Dataset entries
***
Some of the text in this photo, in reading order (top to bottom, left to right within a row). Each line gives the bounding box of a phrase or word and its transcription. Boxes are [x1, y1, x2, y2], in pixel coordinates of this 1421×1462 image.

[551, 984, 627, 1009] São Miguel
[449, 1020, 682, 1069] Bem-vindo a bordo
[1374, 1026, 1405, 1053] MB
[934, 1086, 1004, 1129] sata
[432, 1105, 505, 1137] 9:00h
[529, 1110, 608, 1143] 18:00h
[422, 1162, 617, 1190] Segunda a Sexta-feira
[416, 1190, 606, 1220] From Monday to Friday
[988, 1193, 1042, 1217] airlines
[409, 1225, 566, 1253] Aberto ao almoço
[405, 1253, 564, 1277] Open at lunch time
***
• _Problem to solve_:
Nothing may be left out: return each entry exactly as it reads.

• _Answer space_:
Some of the text in this photo, in reading order (top to bottom, left to right within a row). Each line gives the bounding box of a phrase or word and its transcription. Boxes are [x1, y1, x2, y2], in pixel coordinates of this 1421×1462 image.

[551, 984, 627, 1009] São Miguel
[449, 1020, 682, 1069] Bem-vindo a bordo
[1374, 1026, 1405, 1053] MB
[934, 1086, 1004, 1129] sata
[432, 1105, 505, 1137] 9:00h
[529, 1110, 608, 1143] 18:00h
[422, 1162, 617, 1190] Segunda a Sexta-feira
[416, 1190, 606, 1220] From Monday to Friday
[988, 1193, 1042, 1217] airlines
[409, 1225, 566, 1253] Aberto ao almoço
[405, 1253, 564, 1277] Open at lunch time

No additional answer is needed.